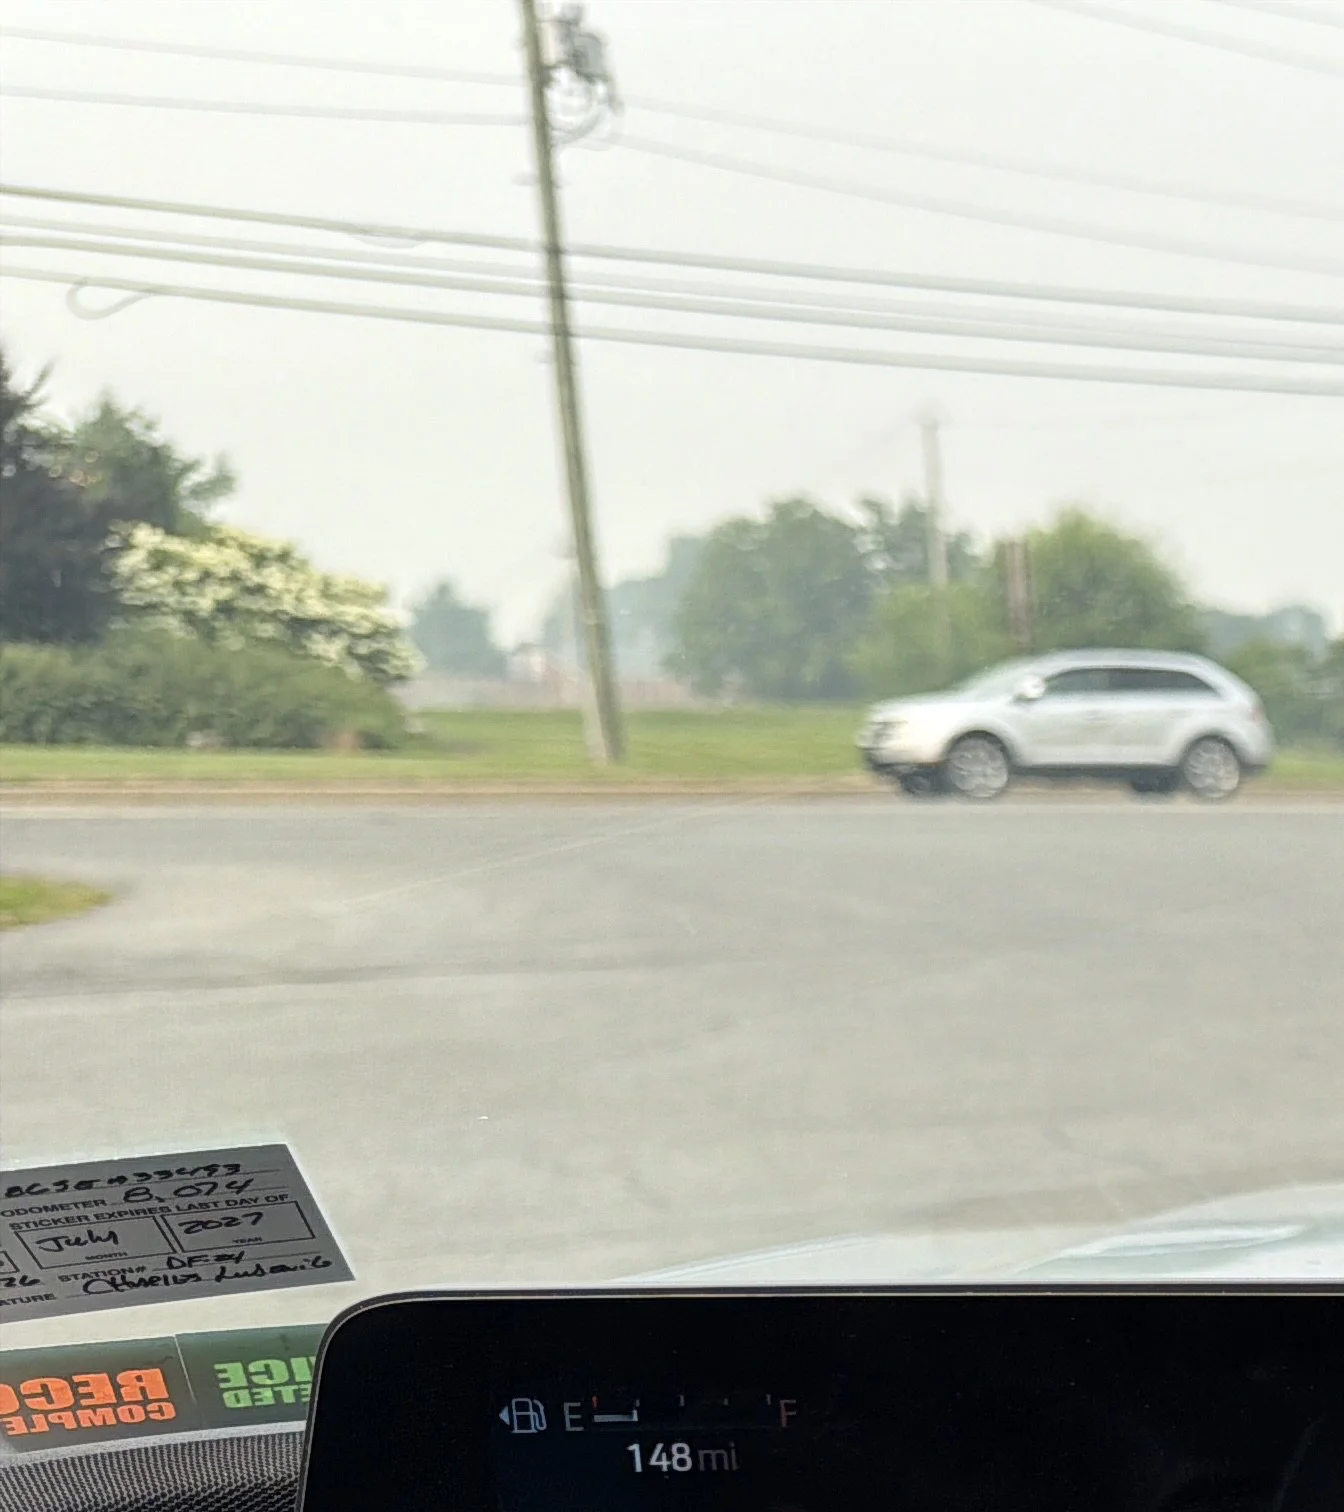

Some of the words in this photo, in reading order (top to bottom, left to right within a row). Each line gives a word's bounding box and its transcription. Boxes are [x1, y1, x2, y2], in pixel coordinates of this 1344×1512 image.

[1, 1199, 108, 1217] ODOMETER
[9, 1213, 91, 1231] STICKER
[93, 1204, 172, 1221] EXPIRES
[175, 1199, 220, 1212] LAST
[224, 1195, 260, 1208] DAY
[264, 1193, 290, 1204] OF
[35, 1229, 119, 1253] July
[178, 1211, 264, 1235] 2027
[84, 1251, 128, 1261] MONTH
[232, 1236, 263, 1244] YEAR
[58, 1265, 147, 1283] STATION#
[563, 1402, 585, 1432] E
[779, 1399, 797, 1428] F
[627, 1442, 693, 1473] 148
[697, 1441, 739, 1472] mi
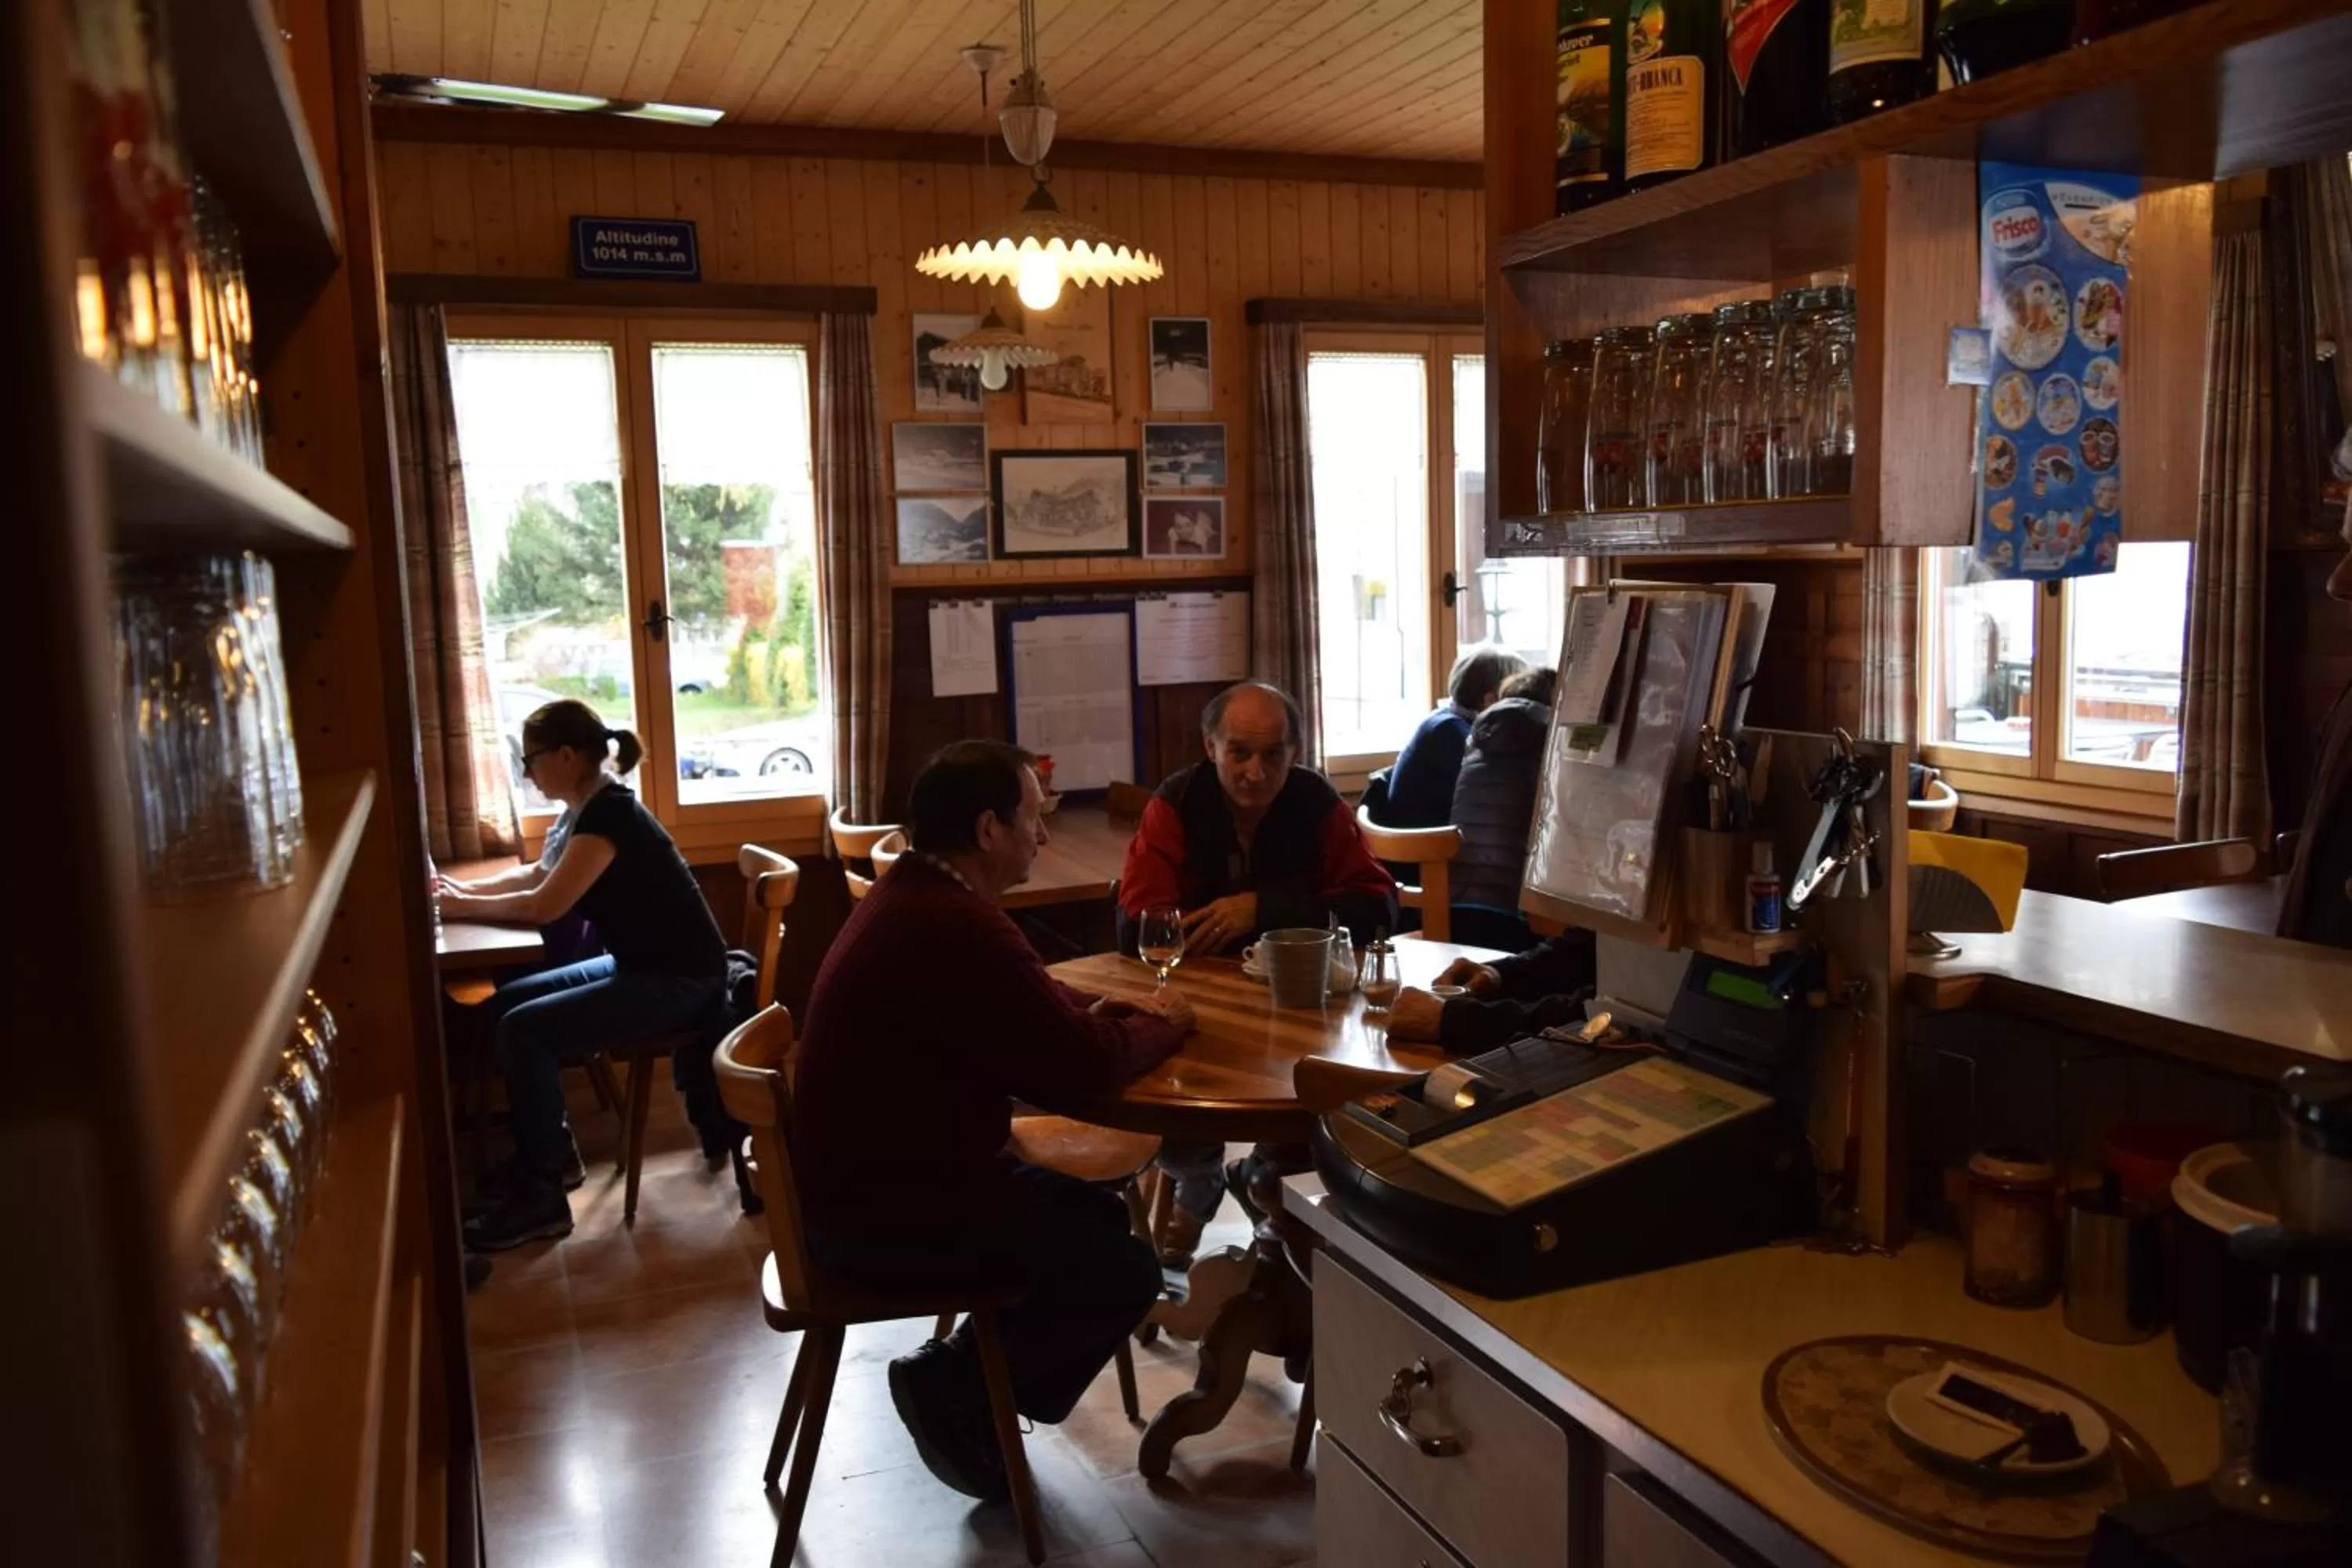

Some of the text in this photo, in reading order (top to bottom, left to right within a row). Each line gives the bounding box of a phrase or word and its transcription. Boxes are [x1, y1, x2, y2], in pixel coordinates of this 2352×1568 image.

[1992, 216, 2038, 243] Frisco
[595, 230, 679, 246] Altitudine
[592, 246, 628, 261] 1014

____

Problem statement – The records above should be written out exactly, and the images dropped.

Finished exercise –
Some of the words in this photo, in reading order (top to bottom, left to right within a row). Each line gives a word's bounding box and its transcription. Boxes are [x1, y1, x2, y2], in pixel coordinates of this 1344×1512 image.

[1, 1199, 108, 1217] ODOMETER
[9, 1213, 91, 1231] STICKER
[93, 1204, 172, 1221] EXPIRES
[175, 1199, 220, 1212] LAST
[224, 1195, 260, 1208] DAY
[264, 1193, 290, 1204] OF
[35, 1229, 119, 1253] July
[178, 1211, 264, 1235] 2027
[84, 1251, 128, 1261] MONTH
[232, 1236, 263, 1244] YEAR
[58, 1265, 147, 1283] STATION#
[563, 1402, 585, 1432] E
[779, 1399, 797, 1428] F
[627, 1442, 693, 1473] 148
[697, 1441, 739, 1472] mi

Some of the text in this photo, in reading order (top to bottom, left to right within a row). Each line gives the bounding box of a phrase or word and its transcription. Boxes are [x1, y1, x2, y2], in pixel coordinates of this 2352×1568 image.

[1992, 216, 2038, 243] Frisco
[595, 230, 679, 246] Altitudine
[592, 246, 628, 261] 1014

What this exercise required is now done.